Configure Multifactor Authentication (MFA) in Keycloak

Keycloak works withs multifactor authentication (MFA) with One-Time Password (OTP) tokens. This section describes a basic configuration that requires users to configure an OTP device (for example: Oracle Authenticator, FreeOTP, or Google Authenticator) and to provide OTP codes when signing in.

Configure OTP in the authentication flow

1. Sign in to the Keycloak administration console: https://manager-fqdn/ovirt-engine-auth/.

2. Select Authentication, then select the Flows tab.

3. Find Browser – Conditional OTP and change the requirement from Conditional to Required.

4. Select the Required Actions tab. Enable Configure OTP and set it as a Default Action so new users are required to configure OTP during first sign-in.

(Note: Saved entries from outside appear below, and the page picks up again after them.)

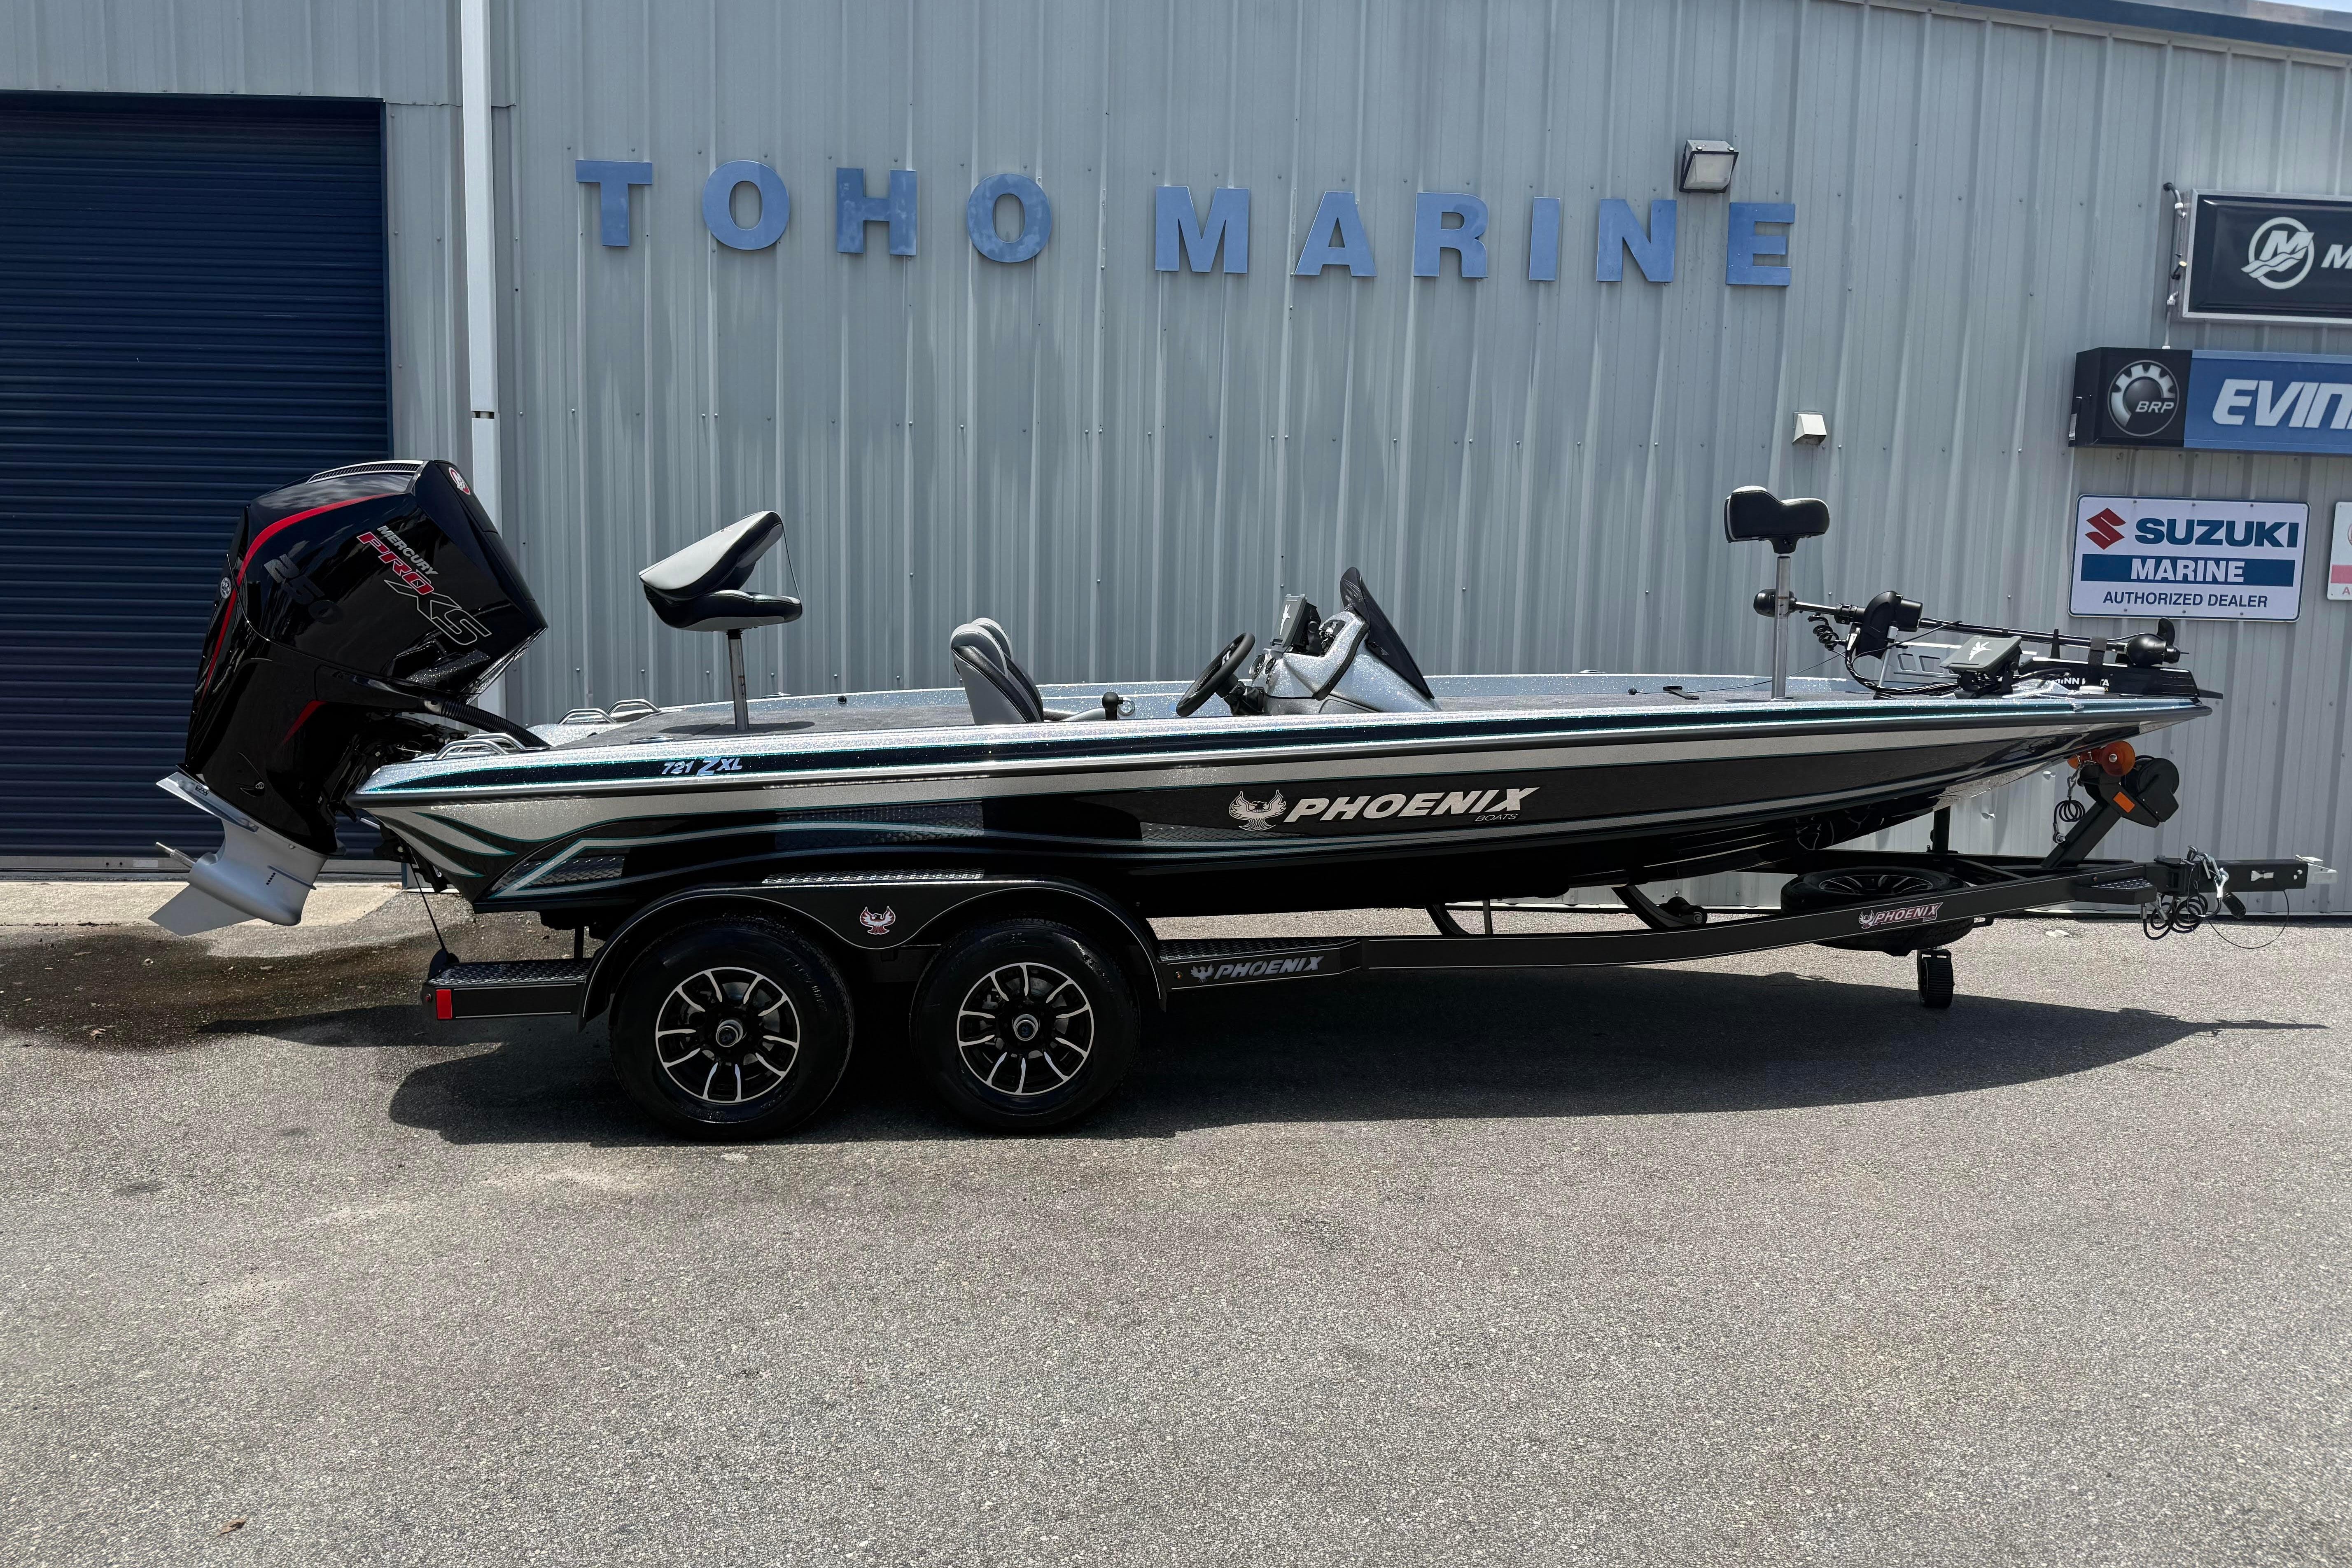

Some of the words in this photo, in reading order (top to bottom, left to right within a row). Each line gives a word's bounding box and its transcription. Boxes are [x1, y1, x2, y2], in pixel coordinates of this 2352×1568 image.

[576, 159, 1052, 263] TOHO
[1155, 186, 1796, 287] MARINE
[2135, 401, 2175, 413] BRP
[2212, 378, 2352, 429] EVIN
[2135, 518, 2299, 548] SUZUKI
[357, 531, 434, 595] PRO
[377, 525, 439, 575] MERCURY
[2130, 558, 2245, 583] MARINE
[384, 569, 492, 645] XS
[2102, 591, 2203, 606] AUTHORIZED
[2207, 595, 2268, 608] DEALER
[661, 761, 695, 775] 721
[1283, 787, 1540, 823] PHOENIX
[1475, 813, 1519, 822] BOATS
[1872, 905, 1938, 925] PHOENIX
[1213, 956, 1325, 980] PHOENIX
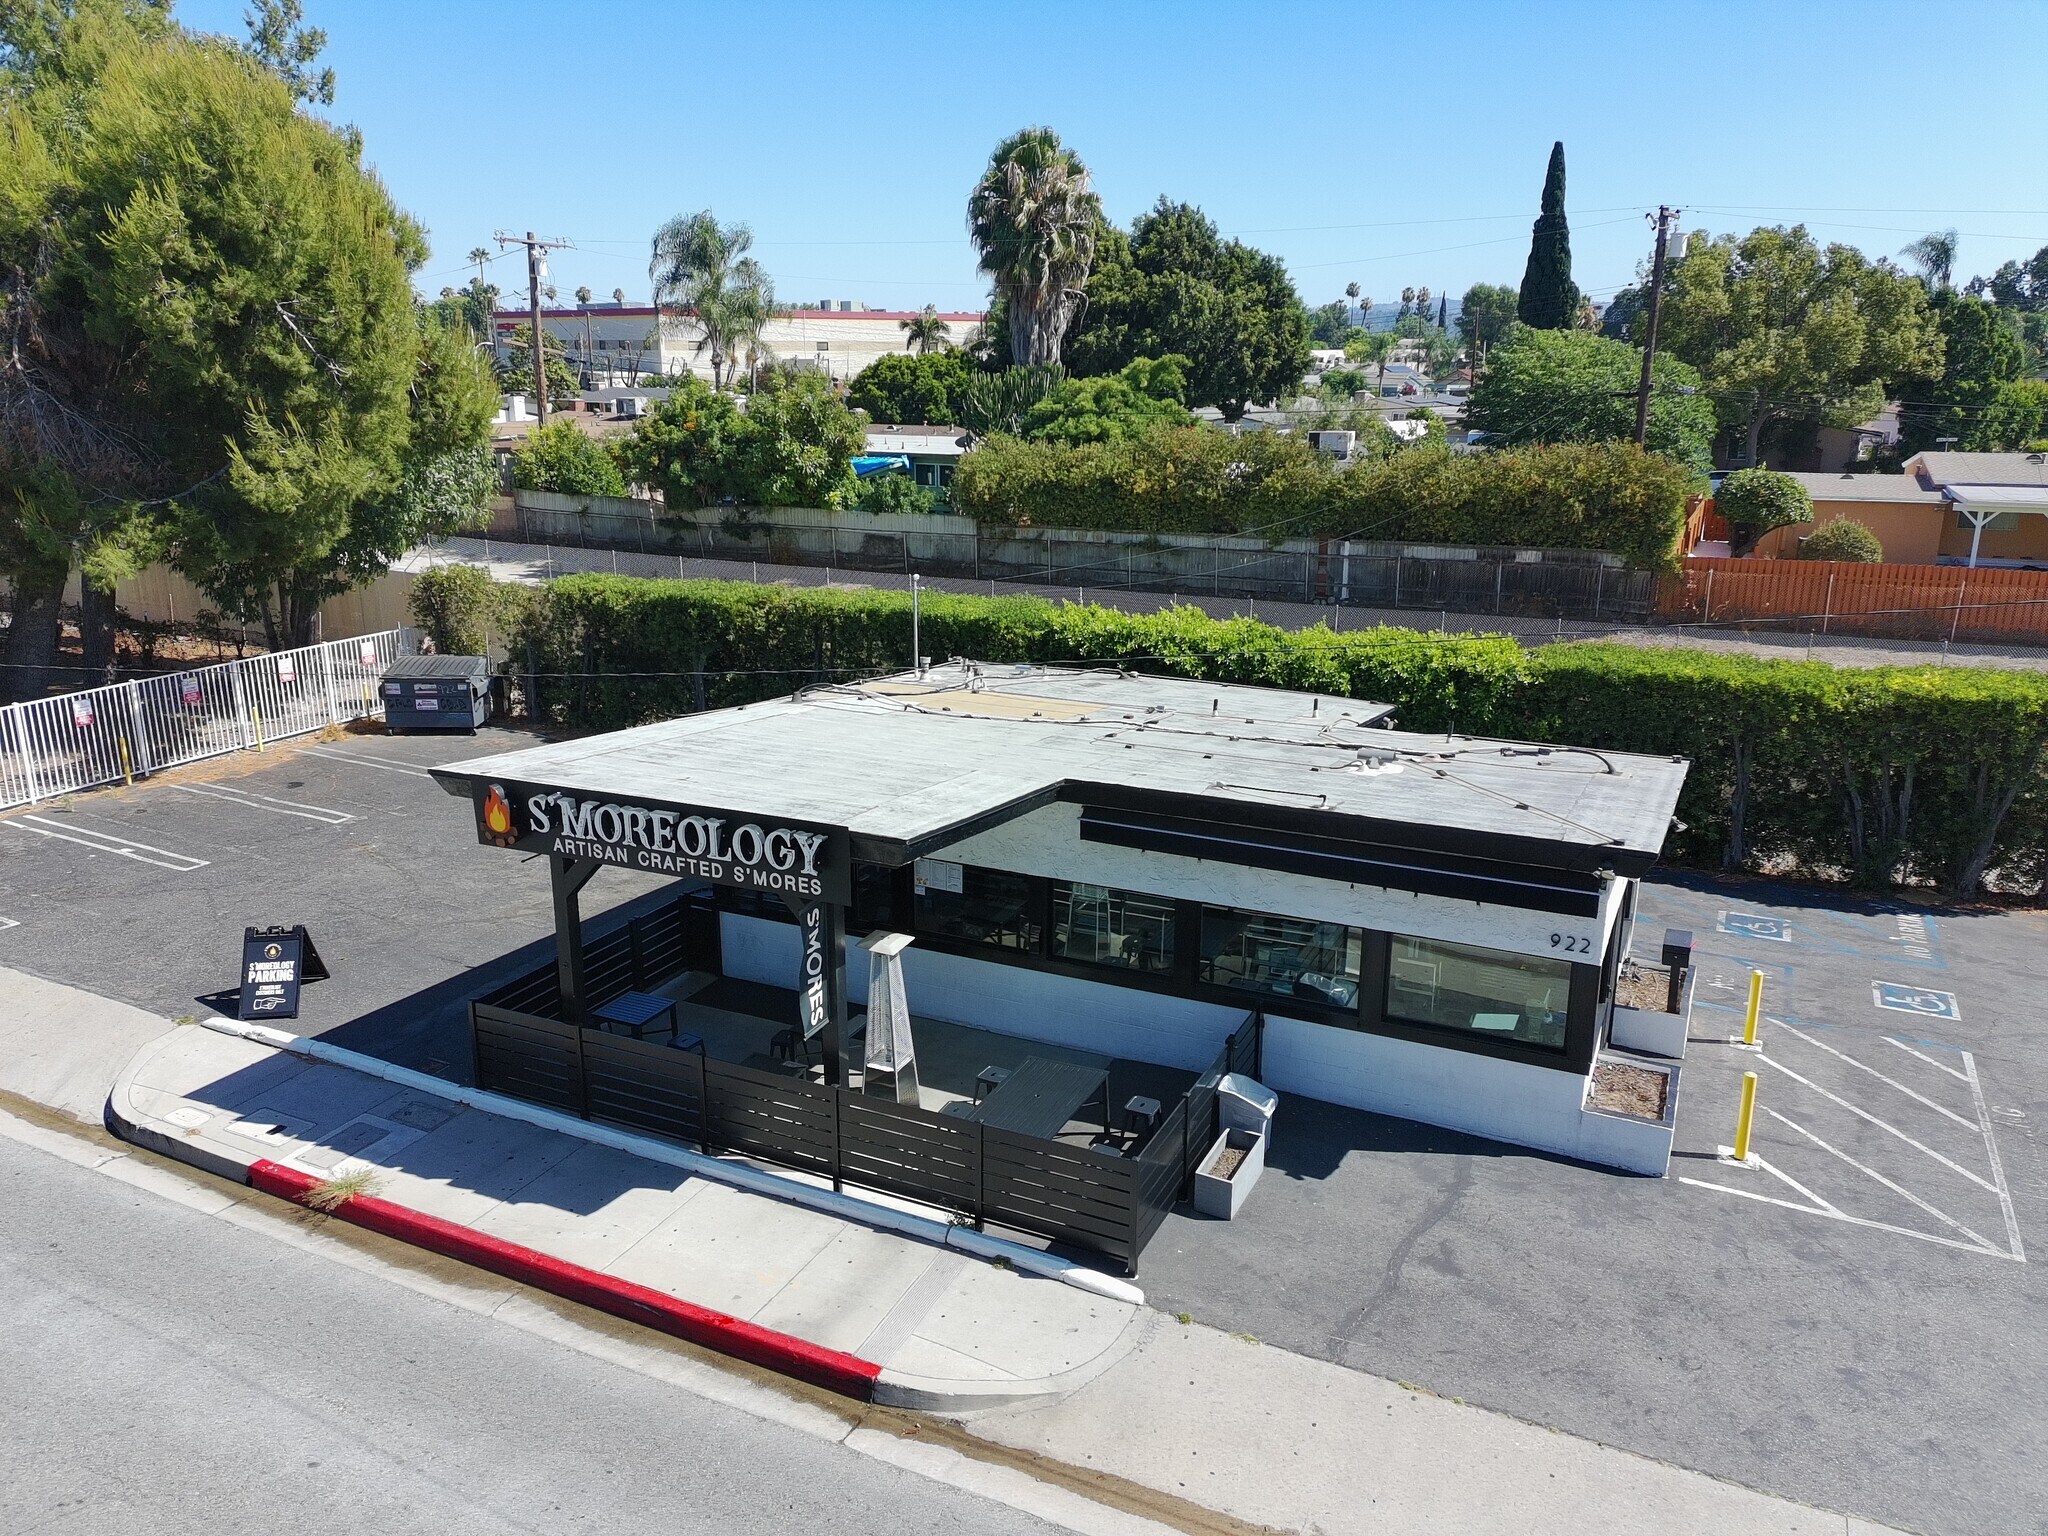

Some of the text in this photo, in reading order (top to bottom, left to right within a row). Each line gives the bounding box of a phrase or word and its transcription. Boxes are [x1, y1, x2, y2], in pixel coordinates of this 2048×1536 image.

[528, 792, 828, 877] S'MOREOLOGY
[553, 838, 822, 897] ARTISAN CRAFTED S'MORES
[806, 907, 824, 1026] S'MORES
[1550, 933, 1591, 954] 922
[248, 969, 294, 983] PARKING

Require OTP for existing users (optional)

To require OTP for a user that already exists in Keycloak:

1. Select Users, find the user, and open the user details.

2. On the Details tab, under Required User Actions, add Configure OTP.

User sign-in experience

When a user signs in to the Administration Portal, the user is prompted to configure an OTP device. The user scans a QR code using an authenticator application and completes the setup. Later sign-ins require an OTP code.

Reset an OTP credential

If a user must reset OTP (for example, when replacing a phone), you can remove the OTP credential in Keycloak.

1. In Keycloak, open Users, select the user, and select the Credentials tab.

2. In Manage Credentials, delete the OTP credential.